Determination of potential nitrosamines NDMA, NDIPA and N-Nitroso Duloxetine in Duloxetine Hydrochloride by LC-MS/MS using APCI source

Abstract

A sensitive, simple, rapid and robust LC-MS/MS method was developed for the determination of potential nitrosamines NDMA, NDIPA and N-Nitroso Duloxetine in Duloxetine Hydrochloride by using APCI-MS/MS Technic. The study was performed with gradient elution. (Time/ % Mobile Phase B: 0/10,5/10,10/90,16/90,16.1/10,20/10). The mobile phase consists of a mixture of formic acid and methanol. The buffer was degassed before running at a flow rate of 0.5 mL/ min. The column temperature was at 40 °C. The 50 µL volume of sample was injected per run and peaks were detected using DAD detector. The LC-APCI/MS/MS studies were carried out on Ultivo Triple Quadrupole LC/MS/MS (Agilent, USA) G6470A mass spectrometer, ion source voltage 4000 V, de clustering potential 40 V, entrance potential 10 V, with the nebulizer gas as nitrogen at 25 psi. The LC part consists of Agilent 1260 Infinity-II series HPLC system with binary gradient pump with a degasser and an auto sampler. X-Bridge ® Phenyl C18, 100 × 4.6 mm, 3.5 µm particle size was used for chromatographic separation. Three nitrosamine impurities were ionized and quantified in positive mode of atmospheric pressure chemical ionization (APCI) using multiple reaction monitoring (MRM). As per ICH guidelines, method validation was performed and evaluated.
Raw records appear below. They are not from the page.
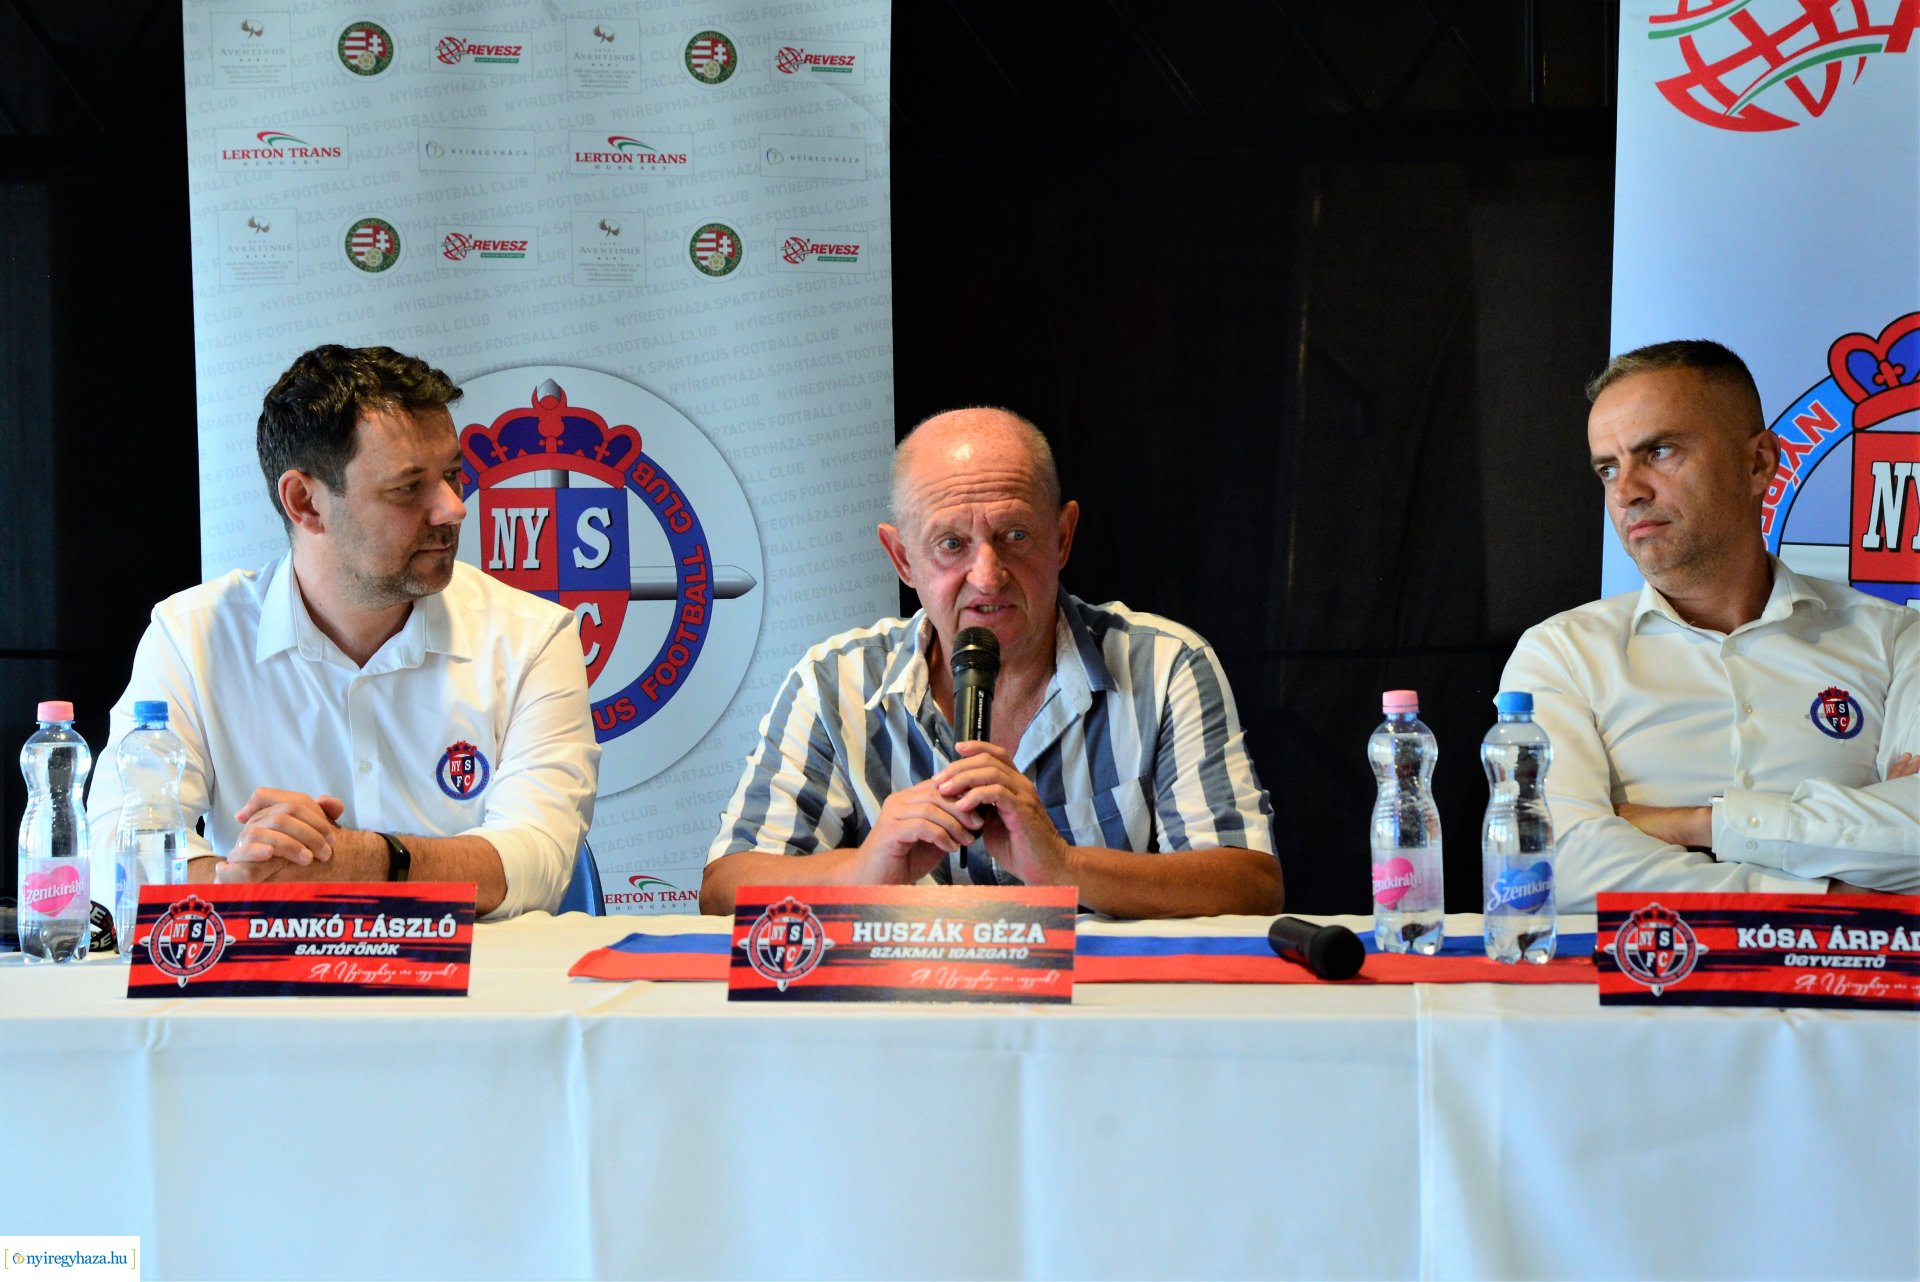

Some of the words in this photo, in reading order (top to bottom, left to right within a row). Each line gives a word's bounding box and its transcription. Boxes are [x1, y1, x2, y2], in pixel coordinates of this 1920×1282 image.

[466, 44, 523, 57] REVESZ
[803, 53, 856, 67] REVESZ
[222, 148, 284, 160] LERTON
[288, 147, 342, 158] TRANS
[575, 151, 633, 163] LERTON
[637, 152, 687, 164] TRANS
[471, 239, 529, 252] REVESZ
[809, 244, 860, 256] REVESZ
[630, 460, 693, 534] CLUB
[489, 507, 550, 570] NY
[572, 507, 612, 570] S
[640, 544, 708, 701] FOOTBALL
[1838, 703, 1845, 713] S
[1840, 717, 1847, 727] C
[464, 760, 471, 771] S
[464, 775, 470, 786] C
[604, 892, 654, 904] ERTON
[657, 890, 699, 902] TRAN
[615, 903, 687, 911] HUNGARY
[191, 922, 202, 938] S
[248, 913, 344, 939] DANKÓ
[353, 913, 457, 939] LÁSZLÓ
[789, 925, 801, 941] S
[852, 918, 964, 943] HUSZÁK
[973, 918, 1046, 943] GÉZA
[1659, 931, 1670, 946] S
[1737, 923, 1819, 949] KÓSA
[294, 941, 400, 956] SAJTÓFŐNÖK
[870, 946, 944, 959] SZAKMAI
[949, 946, 1030, 960] IGAZGATÓ
[1784, 953, 1887, 968] ÜGYVEZETŐ
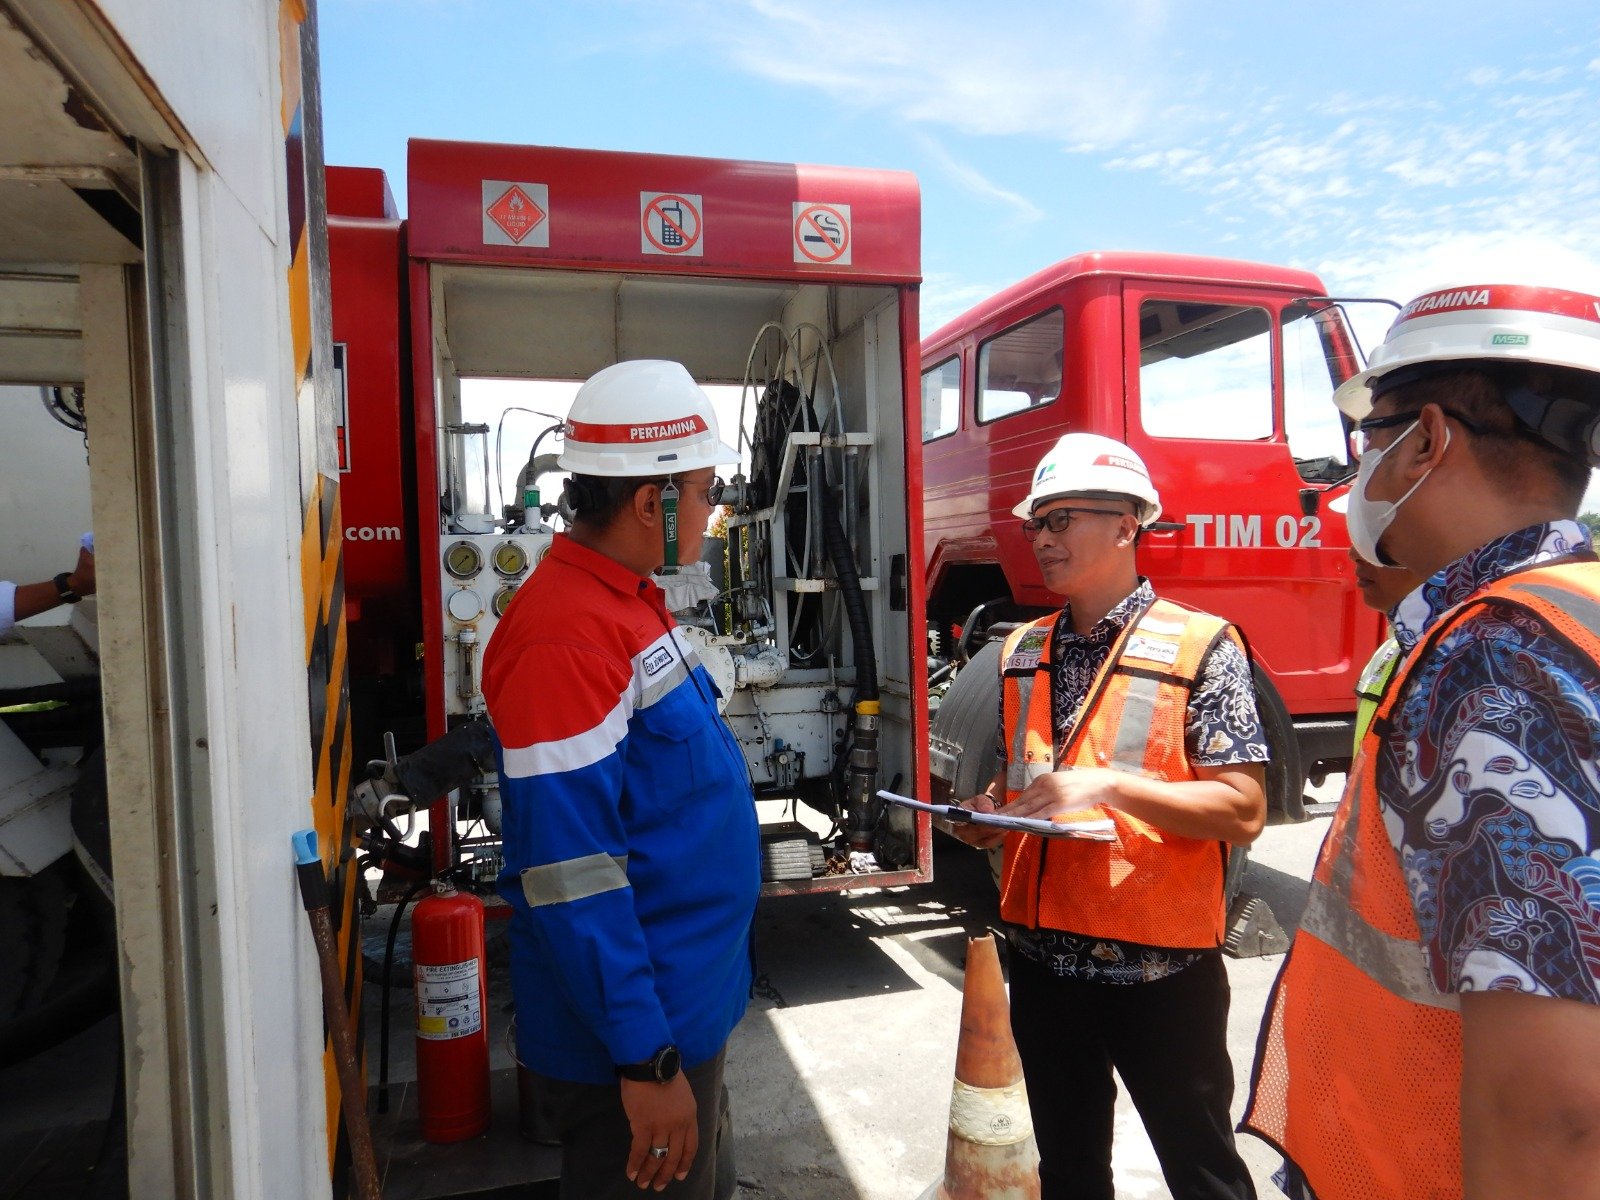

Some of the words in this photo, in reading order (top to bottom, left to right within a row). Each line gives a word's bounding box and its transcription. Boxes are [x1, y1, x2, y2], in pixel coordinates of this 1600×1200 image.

[513, 227, 519, 236] 3
[1493, 335, 1527, 345] MSA
[630, 420, 697, 439] PERTAMINA
[667, 515, 676, 539] MSA
[1186, 514, 1262, 548] TIM
[1276, 515, 1322, 548] 02
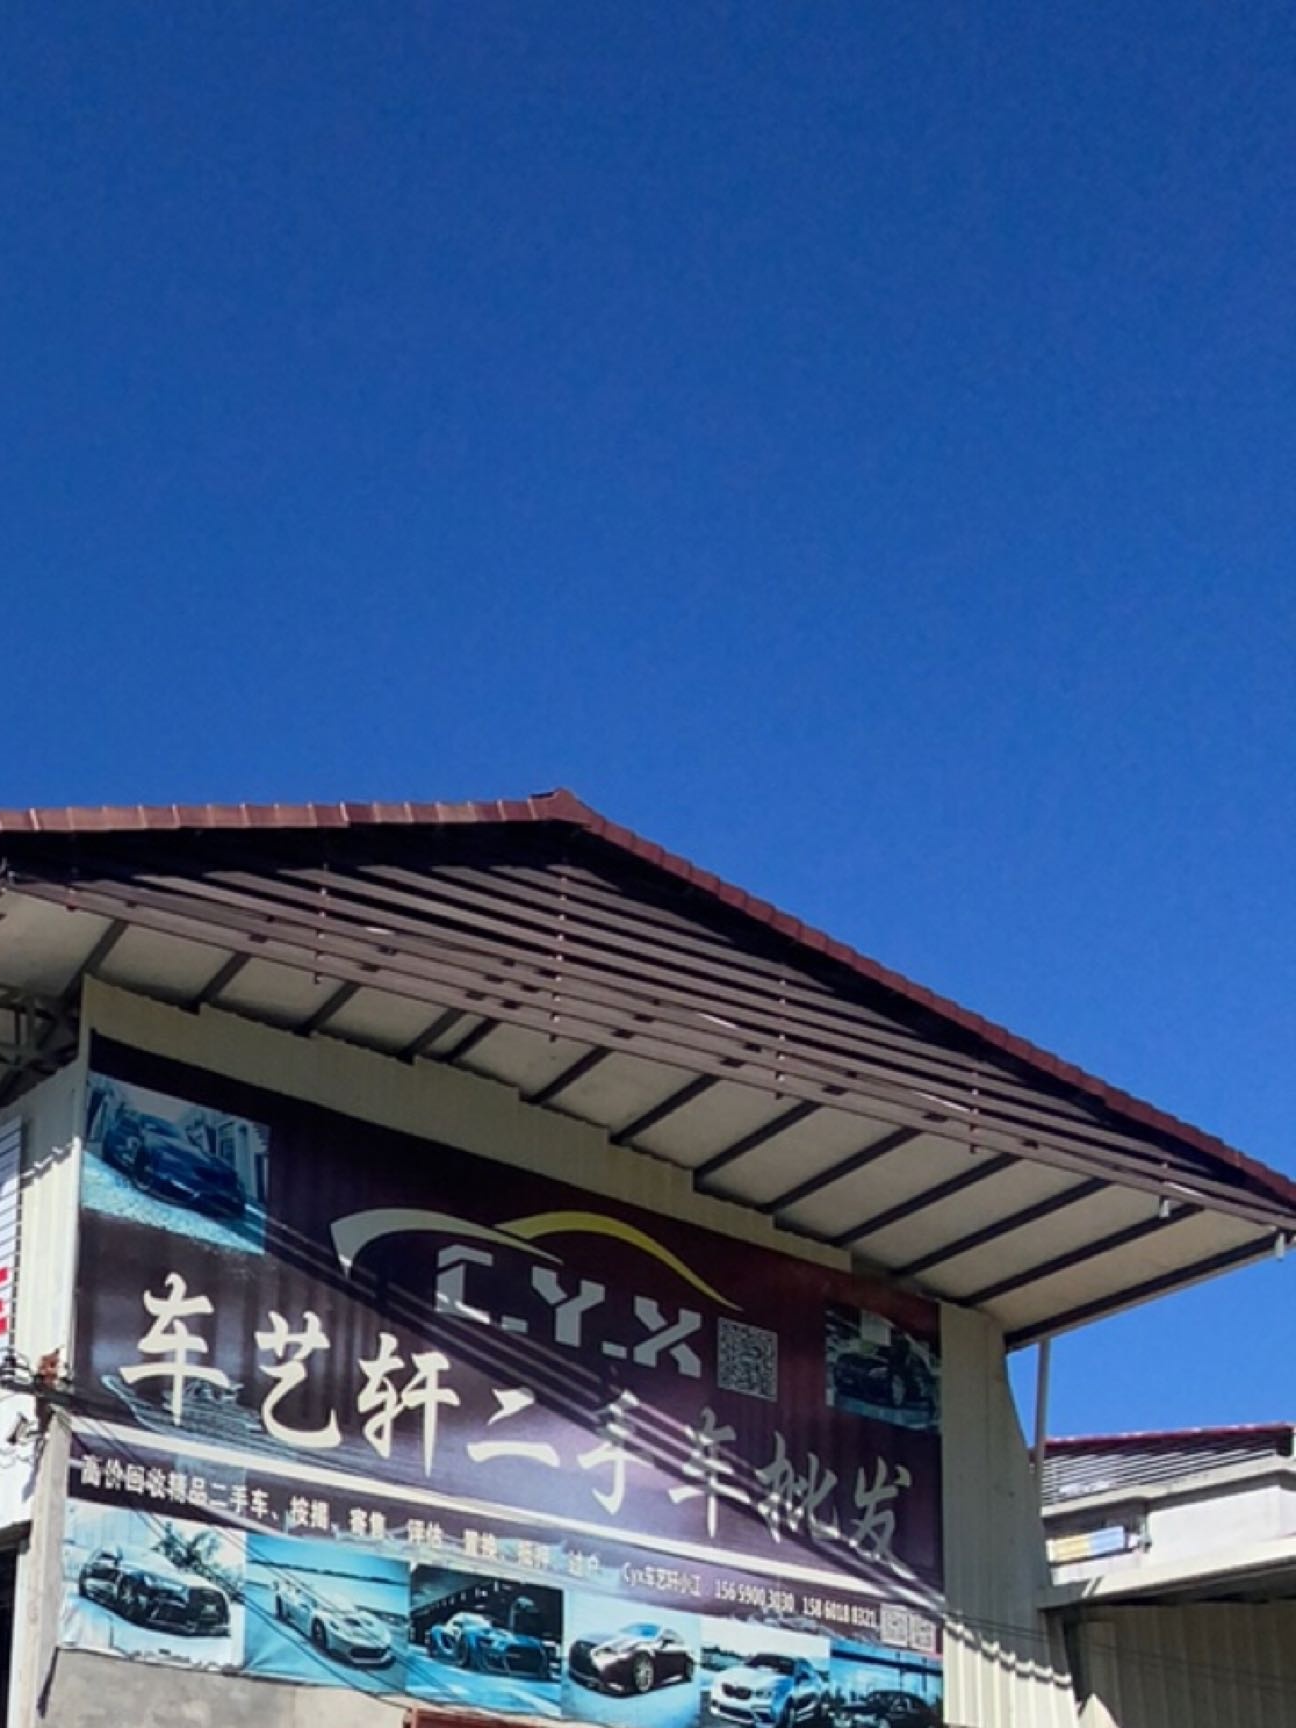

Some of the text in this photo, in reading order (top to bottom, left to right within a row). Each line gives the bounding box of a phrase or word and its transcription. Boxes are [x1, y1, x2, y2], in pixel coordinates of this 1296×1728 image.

[119, 1272, 912, 1567] 车艺轩二手车批发
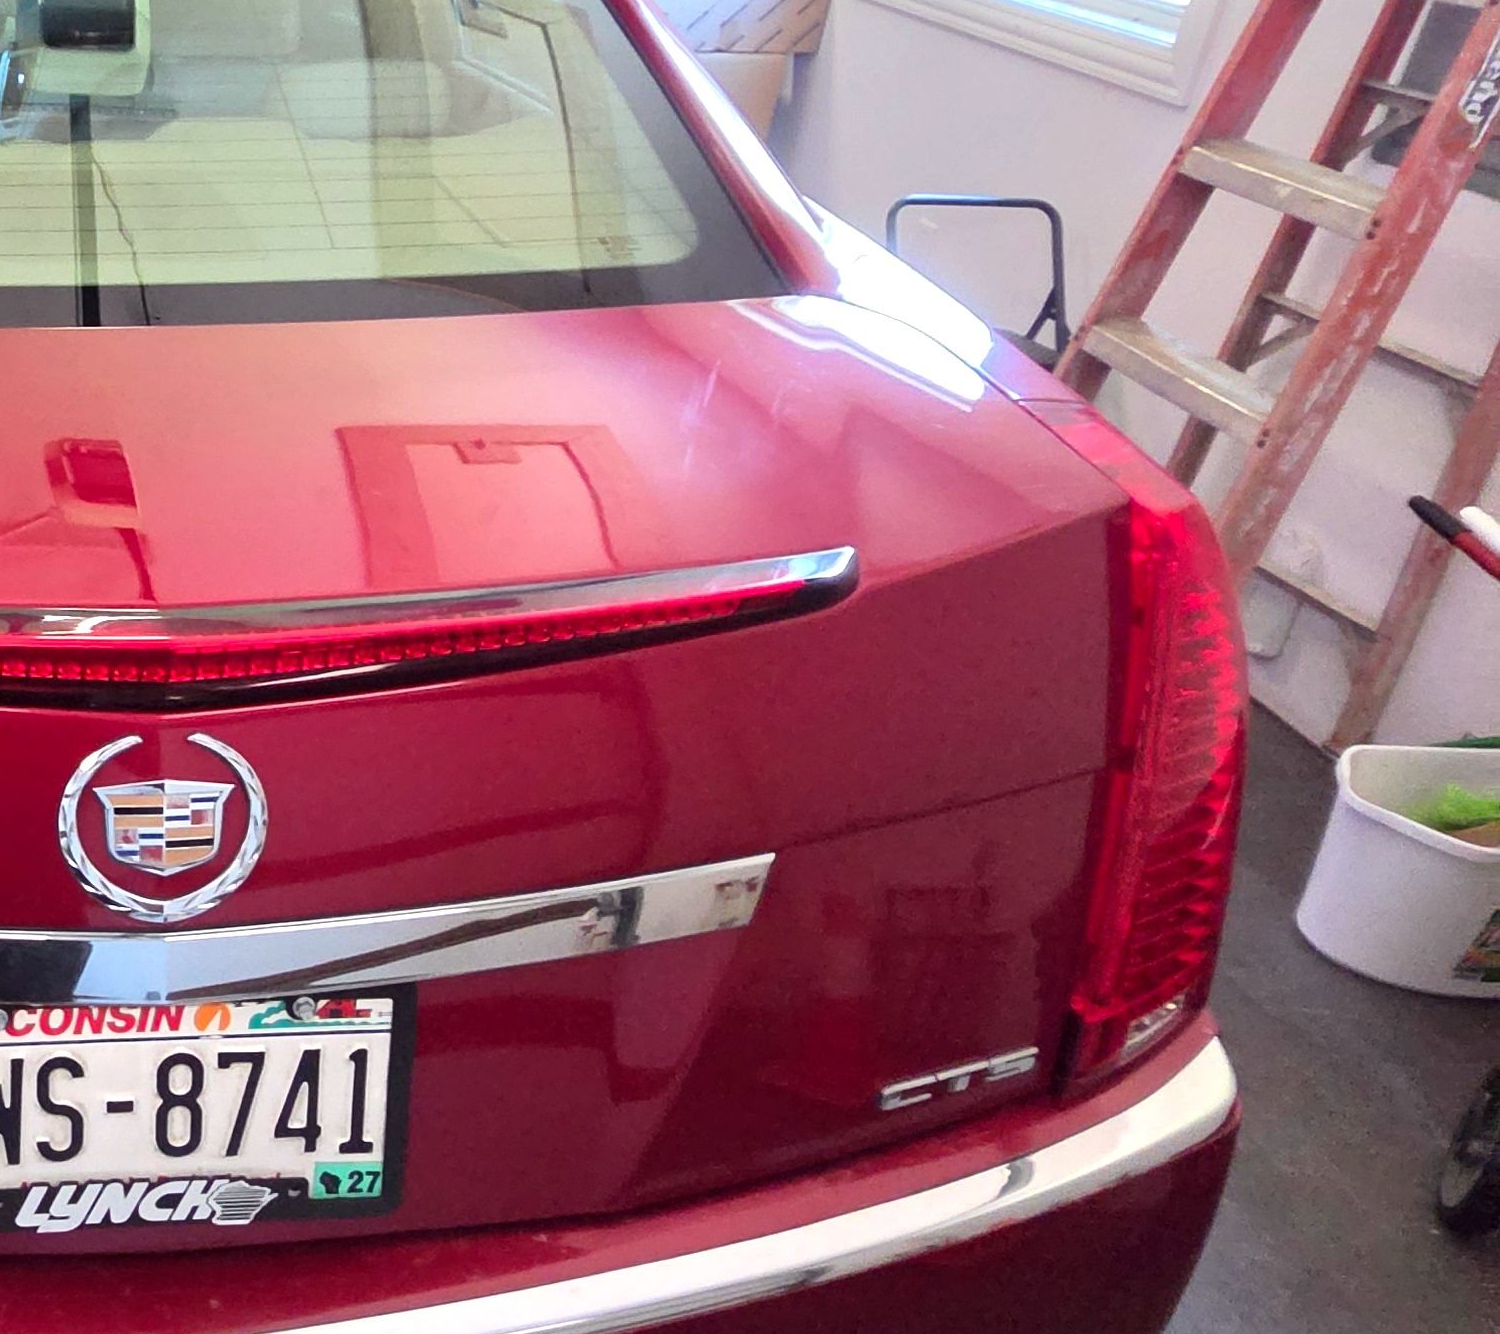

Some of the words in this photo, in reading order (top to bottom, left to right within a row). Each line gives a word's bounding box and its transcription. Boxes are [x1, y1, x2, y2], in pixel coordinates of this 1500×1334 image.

The limit of quantification and detection was found to give good S/N ratios with good linearity range of 0.003–0.045 ppm with regression coefficient > 0.999 for all the three nitrosamine impurities. Method recoveries are also established using three-step sample preparation and are found to be satisfactory within 80 %−120 %. This method can be successfully applied for the determination of potential nitrosamine impurities in Duloxetine Hydrochloride for routine analysis and stability assessment.